*** Material supplied ***
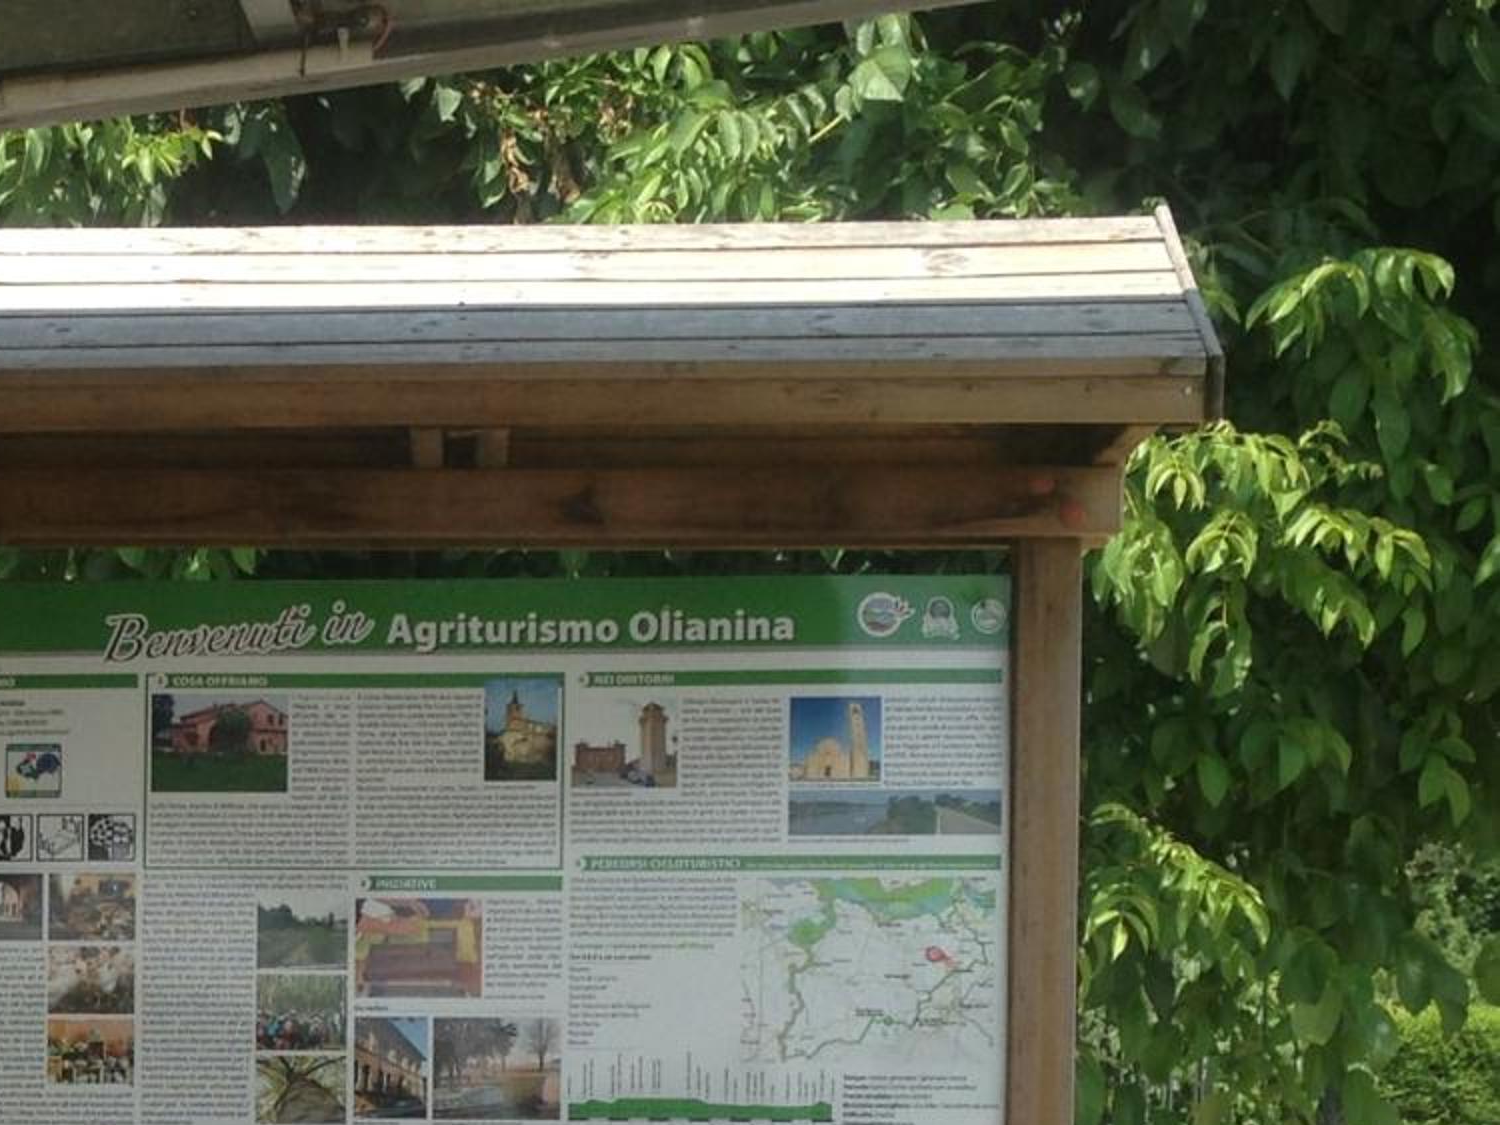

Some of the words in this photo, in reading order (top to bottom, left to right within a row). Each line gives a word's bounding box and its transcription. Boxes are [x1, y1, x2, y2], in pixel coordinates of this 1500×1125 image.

[104, 604, 317, 662] Benvenuti
[321, 600, 375, 645] in
[387, 612, 618, 652] Agriturismo
[629, 606, 795, 643] Olianina
*** End of Material supplied ***
[Work required] Without the pictures, return the entries exactly as they appear.

[Response area]
Some of the words in this photo, in reading order (top to bottom, left to right within a row). Each line gives a word's bounding box and its transcription. Boxes are [x1, y1, x2, y2], in pixel coordinates of this 1500×1125 image.

[104, 604, 317, 662] Benvenuti
[321, 600, 375, 645] in
[387, 612, 618, 652] Agriturismo
[629, 606, 795, 643] Olianina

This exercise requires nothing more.